As such, even though inflation went down, aggregate demand and purchasing power of the economy did not prosper. Given that credit did not grow, business performances would get worse in the third and the fourth quarters. These show that there is no support for stock indices to increase until the end of the last quarter because when businesses are struggling, investors are not cheerful to buy stocks.

In addition, foreign investors are mainly selling stocks instead of buying like what they did last year. This affects the psychology of local investors. They consider a market without foreign capital an unattractive market.

Therefore, it is not strange when the stock market did not pick up in the last two months.

As deposit rates dip, many banks said individual savings are on the downtrend. Then, will cash flow into the stock channel?
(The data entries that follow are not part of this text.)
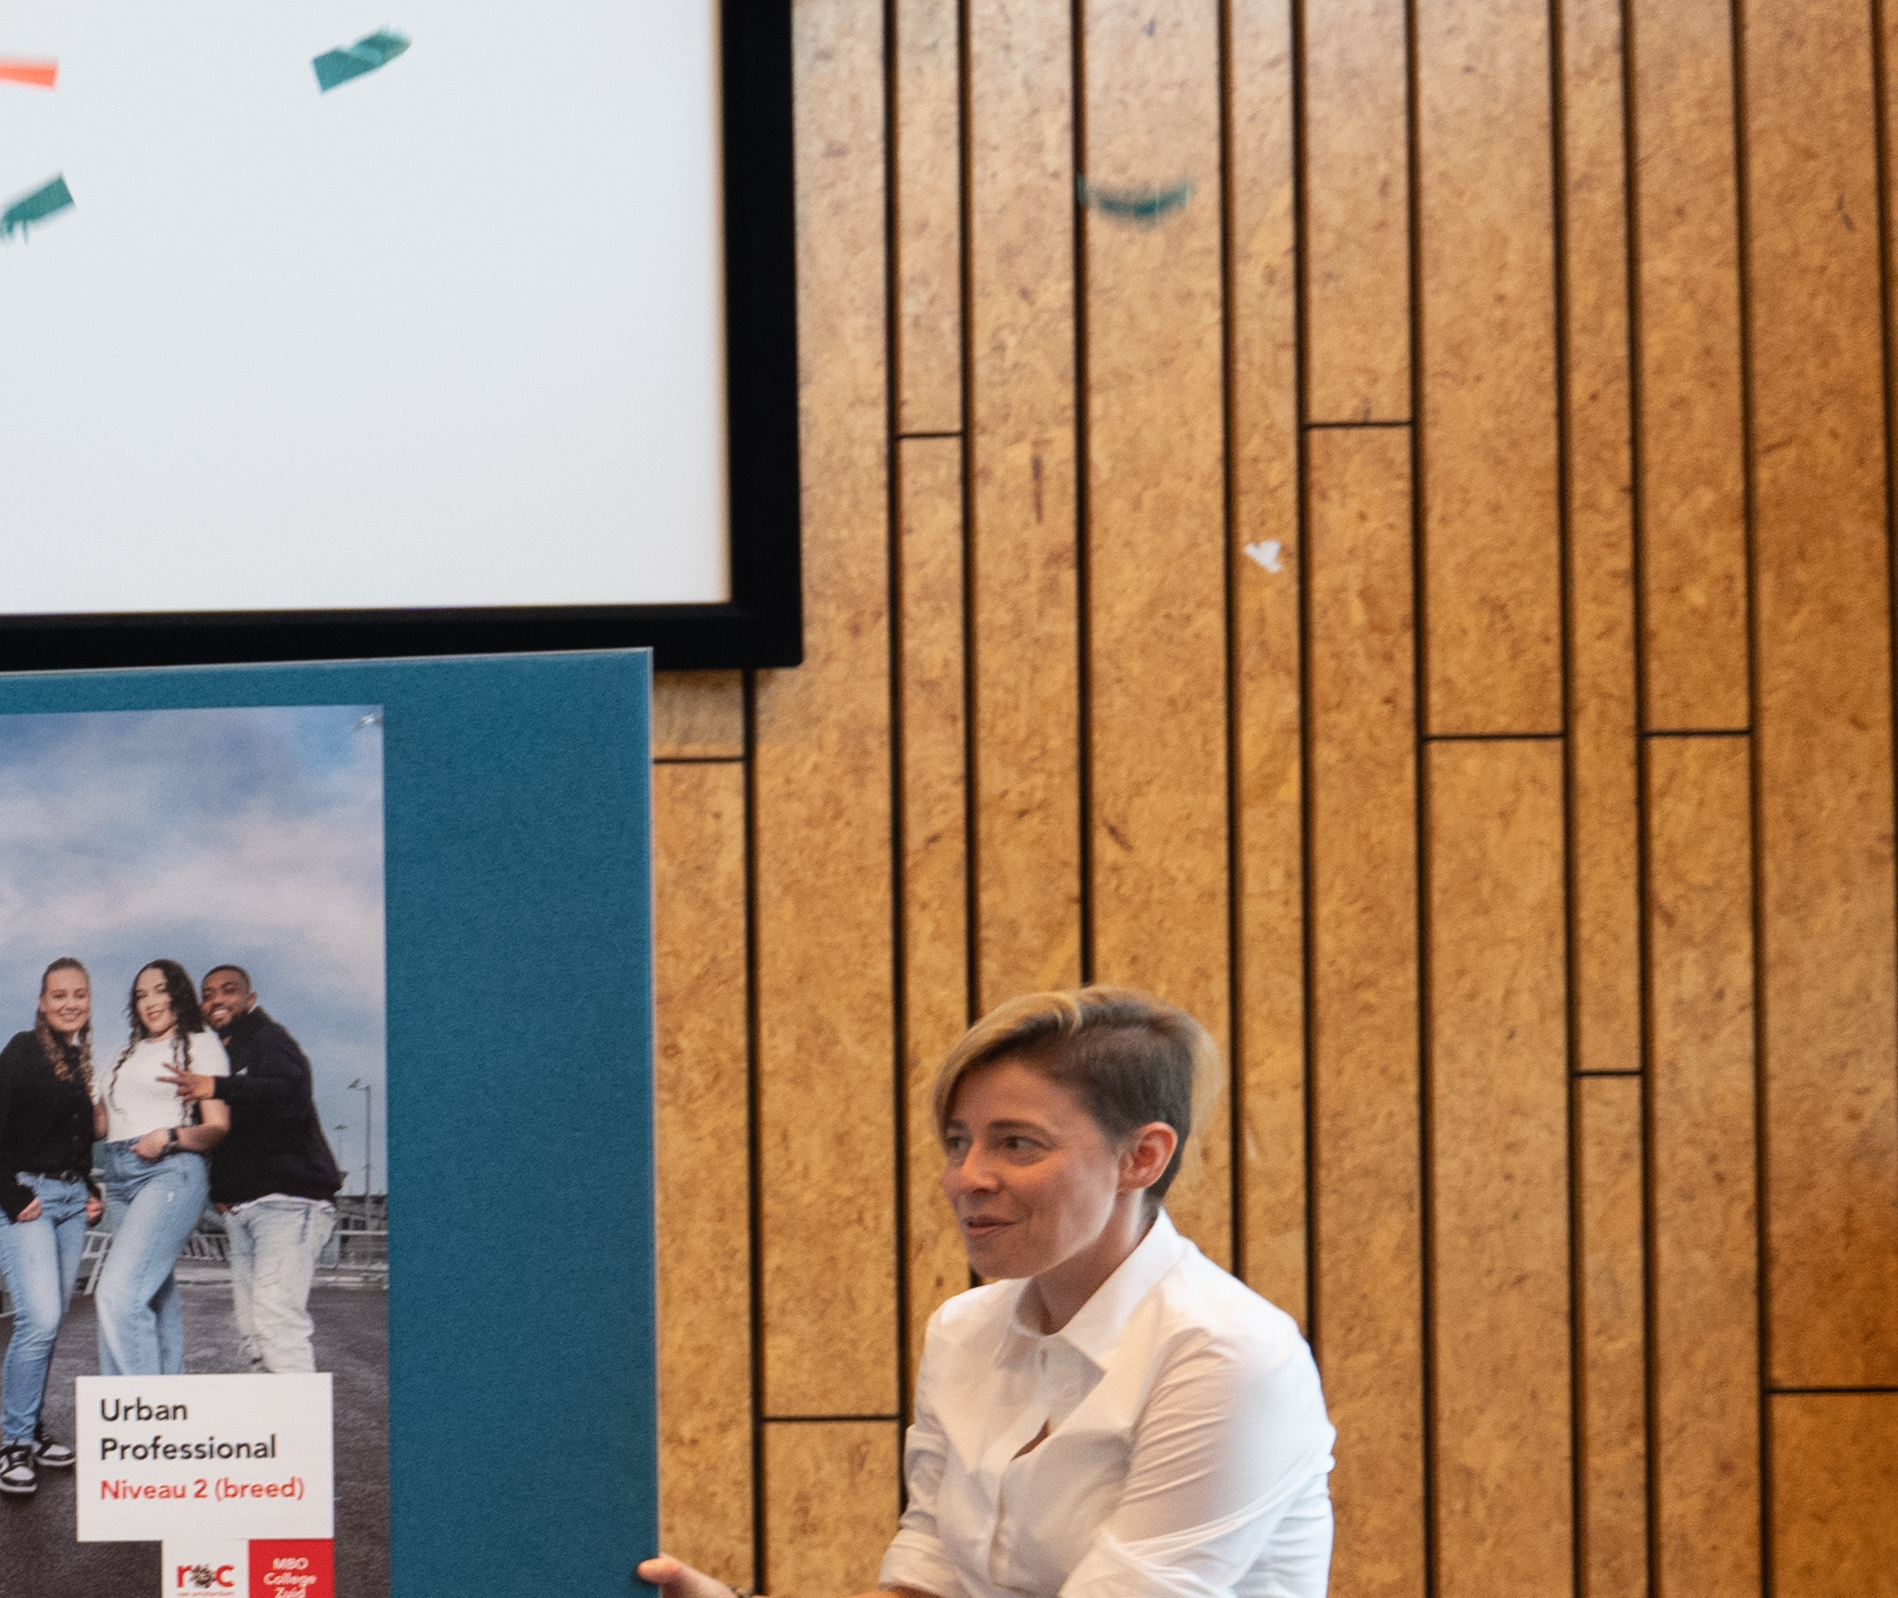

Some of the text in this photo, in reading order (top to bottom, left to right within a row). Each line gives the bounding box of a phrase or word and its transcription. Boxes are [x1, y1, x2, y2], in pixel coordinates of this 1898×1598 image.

[101, 1397, 187, 1422] Urban
[101, 1434, 275, 1460] Professional
[101, 1477, 304, 1501] Niveau 2 (breed)
[273, 1558, 309, 1570] MBO
[263, 1571, 317, 1589] College
– Cash rotation is slipping, from two times in the previous years to 0.8-0.9 time at present, choking off the cash flow into the economy. Indirectly, the stock market is impacted. But it is unknown which channel the cash flow would switch to. In my opinion, investors now have many options. They have gold to mortgage to get money for investment, or use their saving books as security for loans for investment in real estate… This means cash flow can swiftly swap their destinations and it is difficult to identify where cash is flowing into. Investors only care which channels are profitable. For example, if the stock market is potential, investors can mortgage their saving books and pour the borrowed money into stocks. The reason why cash is not flowing into the stock market is because they have no confidence in the market’s rally.

Foreign investors are very concerned about forex rates, which are less volatile over the past time, but it seems that there is no new foreign capital running into the stock market of Vietnam, except for some big M&A deals. Could you explain this situation?

– Forex rates are temporarily stable as the central bank has raised forex reserves, and I think forex rates will remain stable until the first quarter of next year. Gold prices are also less volatile, ranging around US$1,600 per ounce. In Vietnam, gold will be strictly controlled under Decree 24 on gold production and trading management. This will help stabilize forex rates. Trade deficit could hardly surge this year, and thus forex rates would only inch up 1-1.2% this year.

As for foreign investors, they do not look at the six-month performance, but longer term, and with Vietnam’s economic structure, they do not have confidence in sustainability, so the possibility of high inflation returning is real. Therefore, stable forex rates only make foreign investors “less worried”, but it is not enough to make them feel assured about disbursing more capital. At HSC, no new foreign investor has opened account and no old investor deposit more money into their accounts.

Would the supporting policies from the Government, like bailout package or preferential lending rates, be able to improve the performances of listed firms in the coming time? To what extent will these results affect the stock market?

– I expect the aforesaid supporting measures will help stimulate the aggregate demand and remove the difficulties for enterprises, but this is a scenario of early next year, not this year. The Q2 business results would be lackluster as enterprises have been suffering high lending rates and huge inventories.

In my opinion, from now to the year’s end, business performances would not rosy. Bad debts will prevent credits from coming to enterprises. So far, this issue has not been settled. And the real estate market will not see any significant change in the next six months. I think GDP growth would only reach 4.5-5% this year, so the chance for the stock market to pick up strongly is slim. Moreover, if the European market continued to face problems, foreign capital inflows to Vietnam would remain low, bond capital would also in troubles as interest rates will drop further by year-end. There is no ground to say stocks would go up 20-30% like many experts have forecast. The biggest concern of investors now is improving liquidity. If this was well done, the market liquidity would receive better support. In addition, it is necessary to strictly handle false and late information disclosure.